* [TASK INSTRUCTIONS]
Return each entry below word for word, leaving out any image.

* [GIVEN INFORMATION]
++++

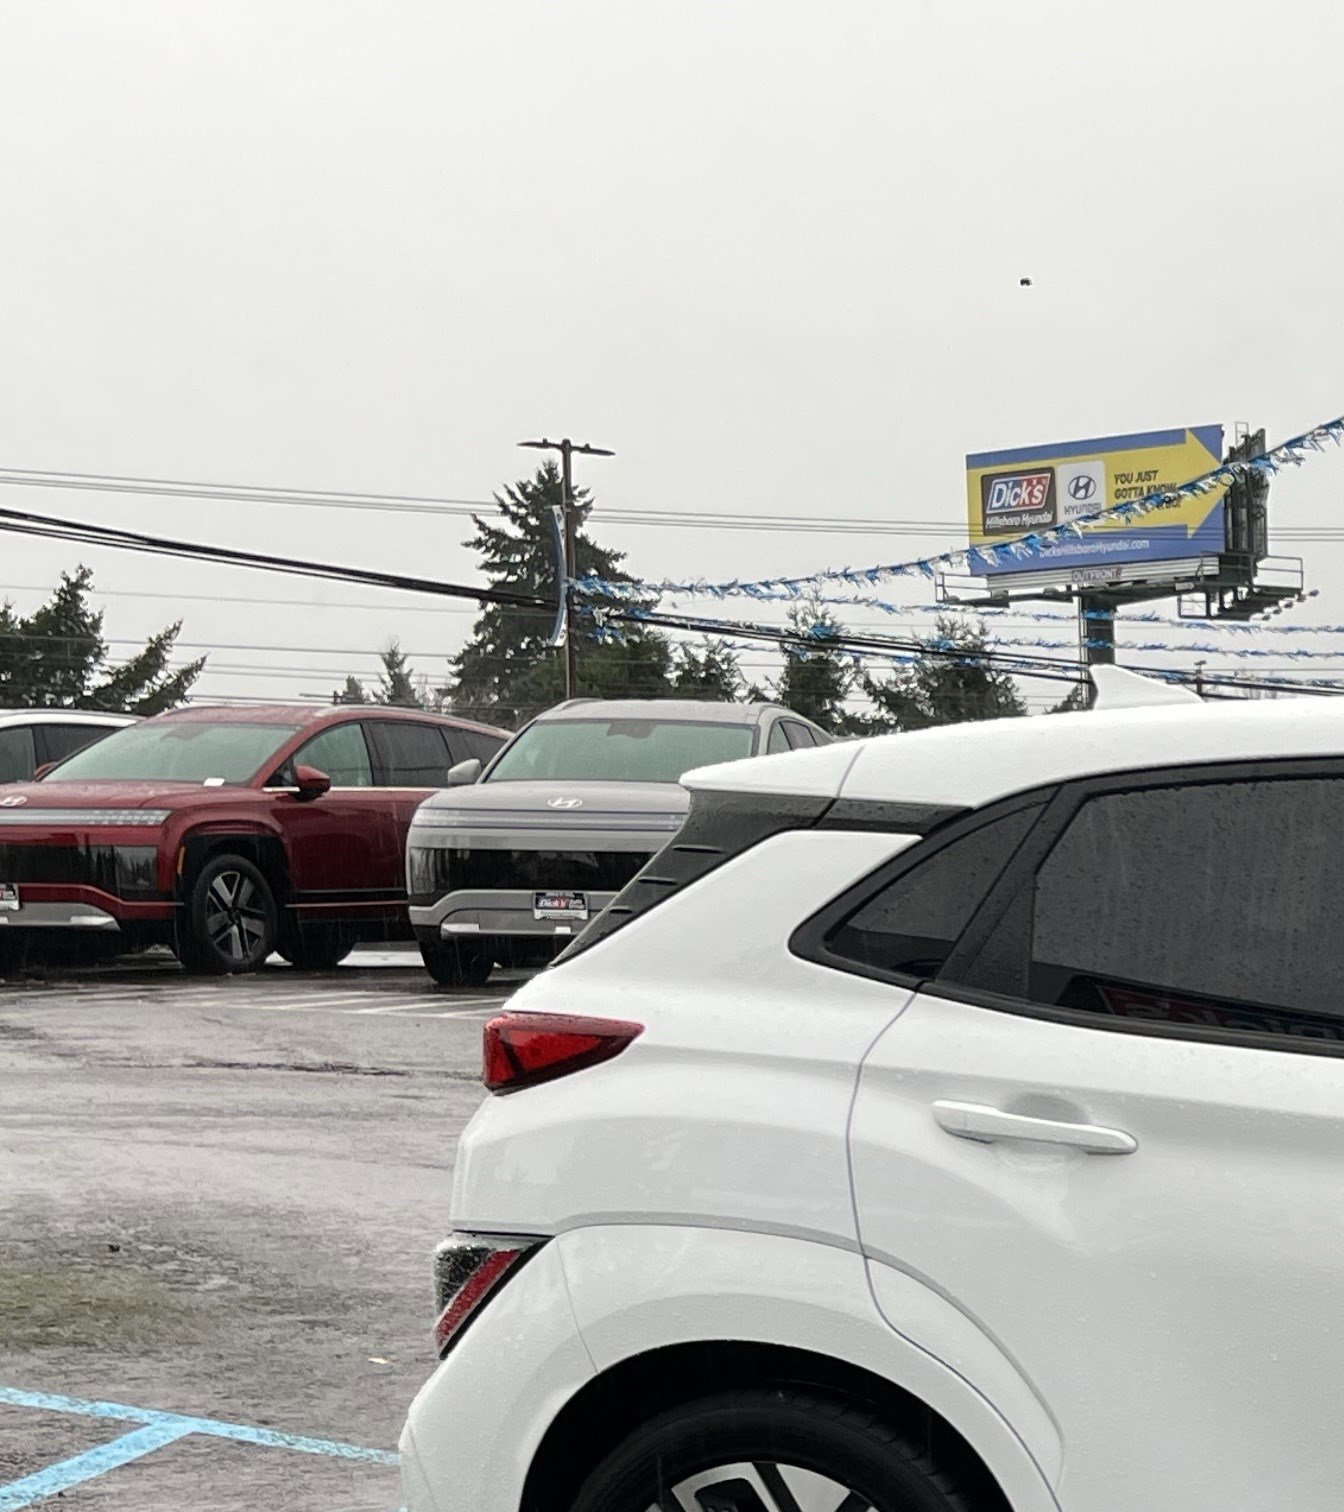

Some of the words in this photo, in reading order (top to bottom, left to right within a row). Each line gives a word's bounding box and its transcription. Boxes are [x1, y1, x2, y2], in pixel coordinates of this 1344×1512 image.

[1114, 473, 1133, 485] YOU
[1135, 470, 1159, 482] JUST
[992, 479, 1043, 508] Dick's
[1114, 486, 1145, 500] GOTTA
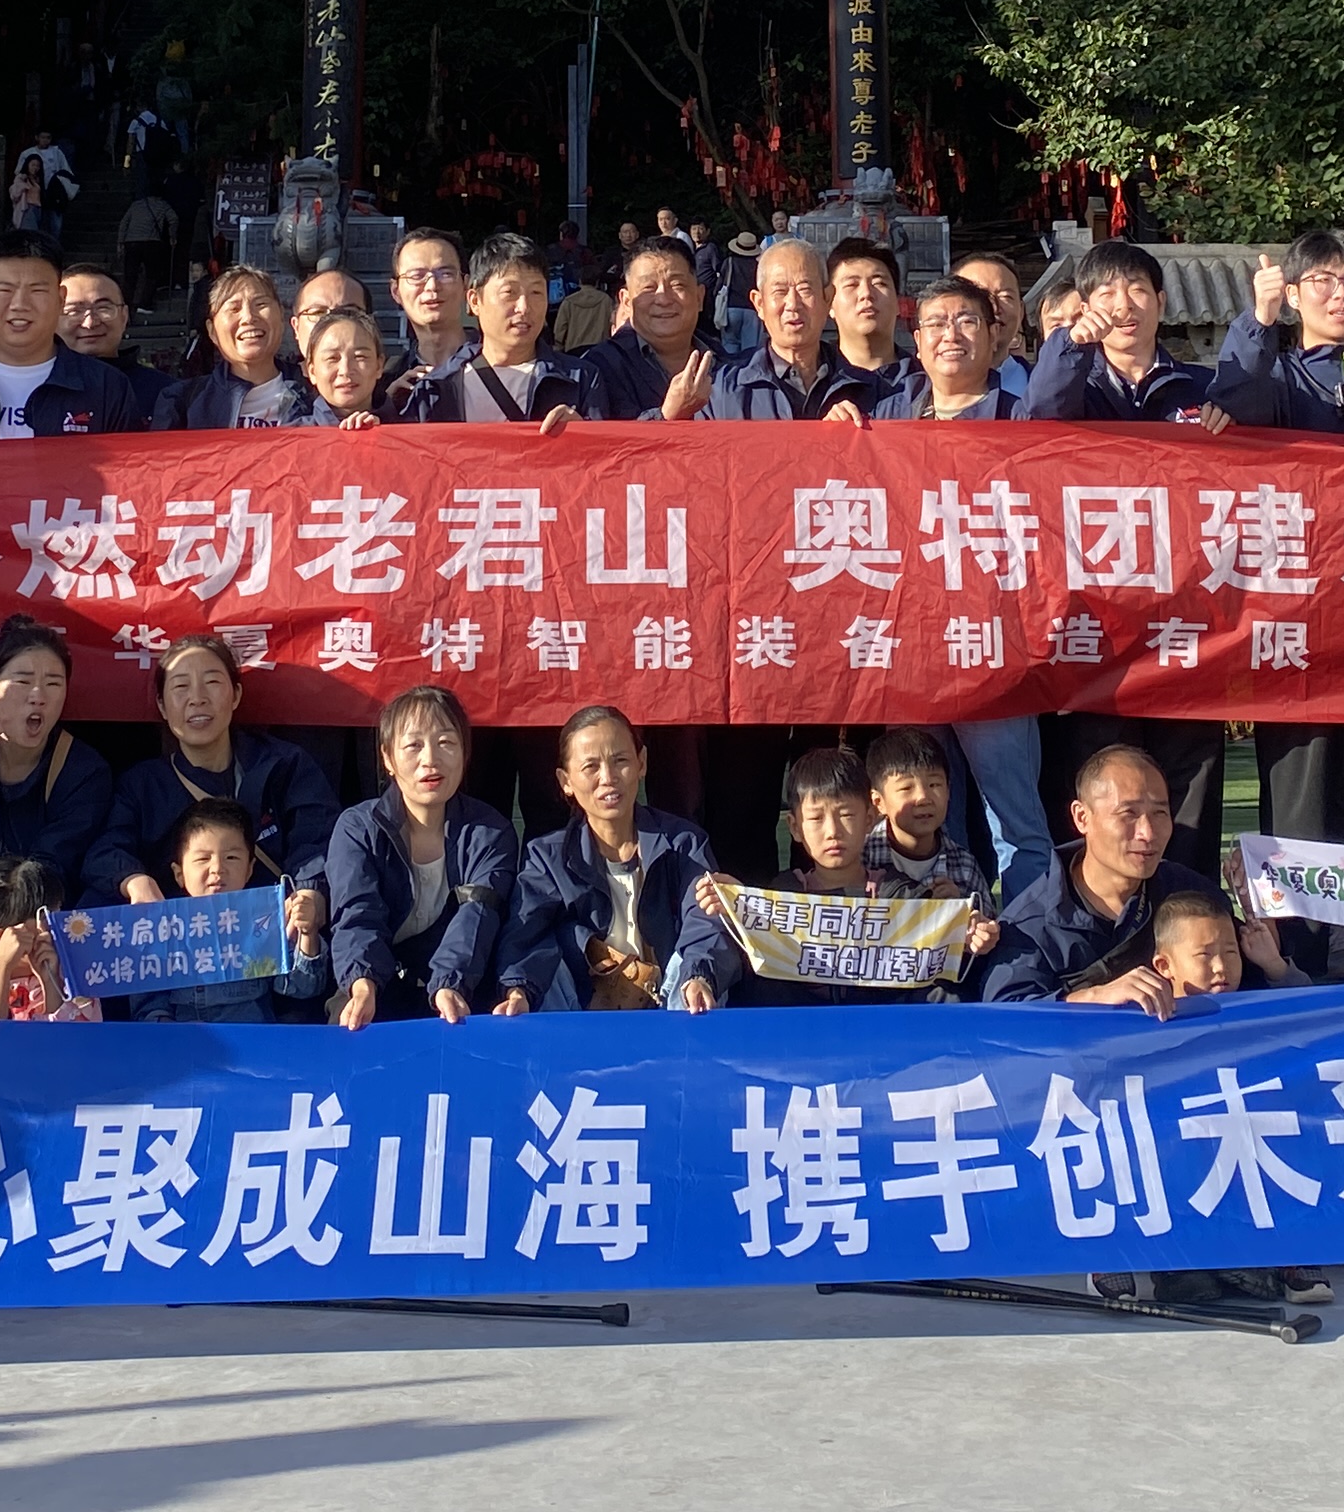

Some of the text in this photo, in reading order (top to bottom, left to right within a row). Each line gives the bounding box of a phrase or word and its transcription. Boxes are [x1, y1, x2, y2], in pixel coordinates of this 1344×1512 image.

[101, 907, 241, 949] 并肩的未来
[733, 894, 890, 941] 携手同行
[84, 943, 244, 987] 必将闪闪发光
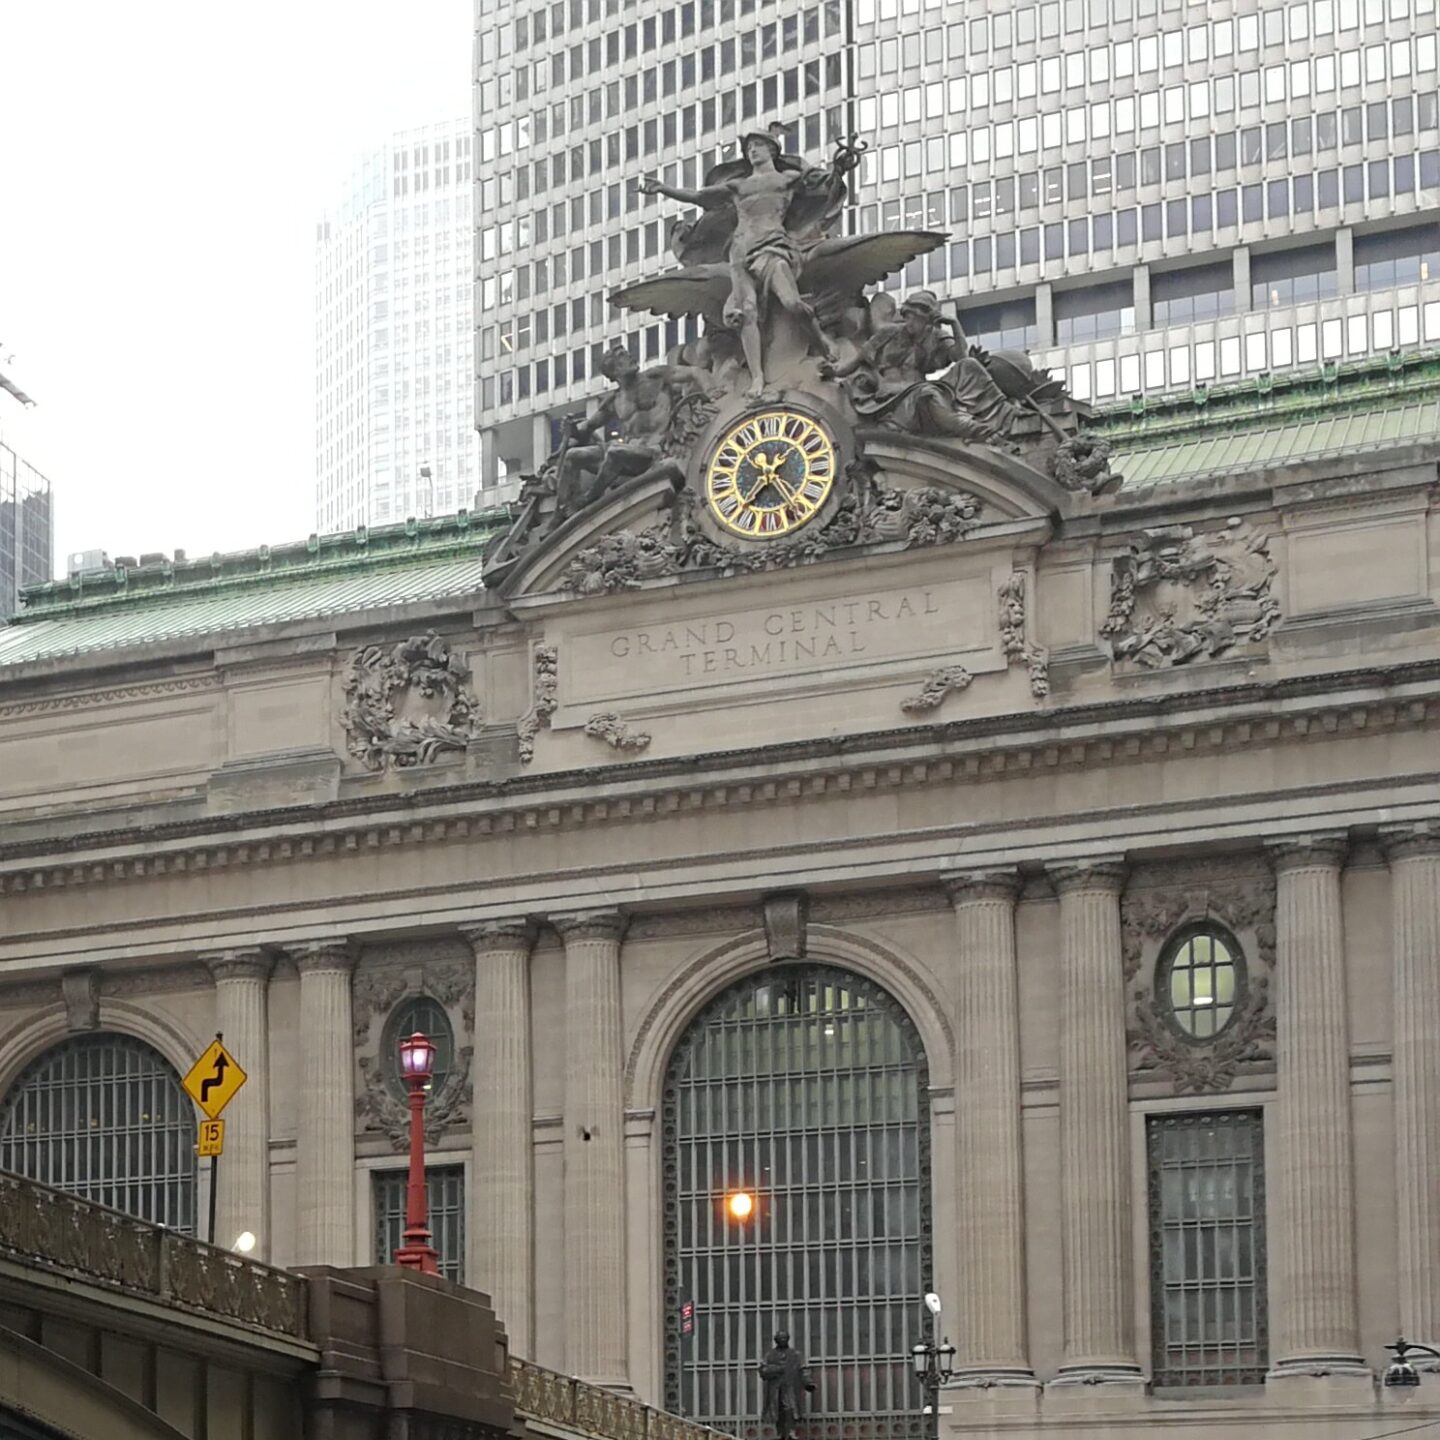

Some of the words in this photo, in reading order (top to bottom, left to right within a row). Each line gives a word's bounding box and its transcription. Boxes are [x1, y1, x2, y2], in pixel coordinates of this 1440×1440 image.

[610, 621, 736, 659] GRAND
[764, 591, 940, 637] CENTRAL
[680, 630, 867, 676] TERMINAL
[205, 1124, 219, 1141] 15
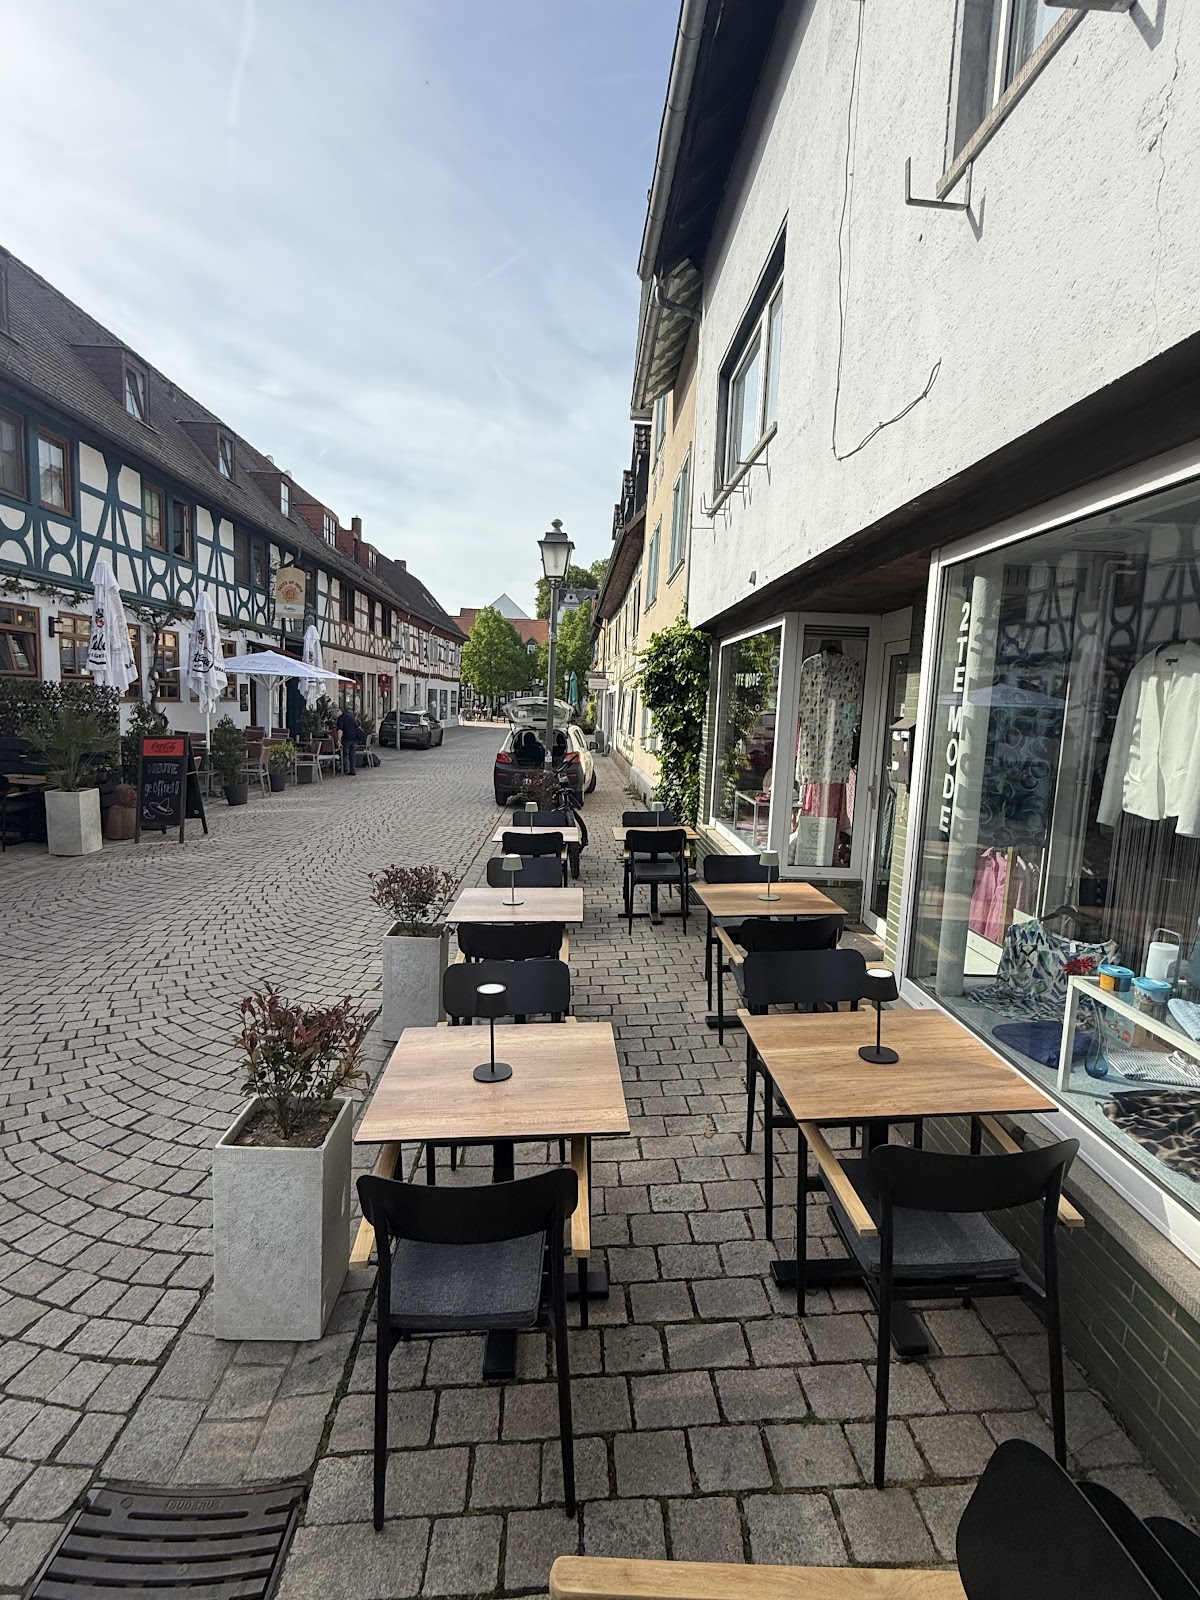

++++

* [SOLUTION TO THIS EXERCISE]
Some of the words in this photo, in reading order (top to bottom, left to right within a row). Each line gives a word's bounding box and its transcription. Boxes are [x1, y1, x2, y2], in pixel coordinates of this 1344×1512 image.

[1114, 473, 1133, 485] YOU
[1135, 470, 1159, 482] JUST
[992, 479, 1043, 508] Dick's
[1114, 486, 1145, 500] GOTTA

Some of the text in this photo, in reading order (top to bottom, left to right within a row). Each line gives the bounding box of a phrase or word and its transcription. Boxes are [x1, y1, x2, y2], in pixel coordinates of this 1344×1512 image.

[101, 907, 241, 949] 并肩的未来
[733, 894, 890, 941] 携手同行
[84, 943, 244, 987] 必将闪闪发光

Some of the words in this photo, in reading order (top to bottom, left to right within a row). Each line gives a word's bounding box and its transcription. Boxes are [x1, y1, x2, y2], in pixel coordinates of this 1440×1440 image.

[610, 621, 736, 659] GRAND
[764, 591, 940, 637] CENTRAL
[680, 630, 867, 676] TERMINAL
[205, 1124, 219, 1141] 15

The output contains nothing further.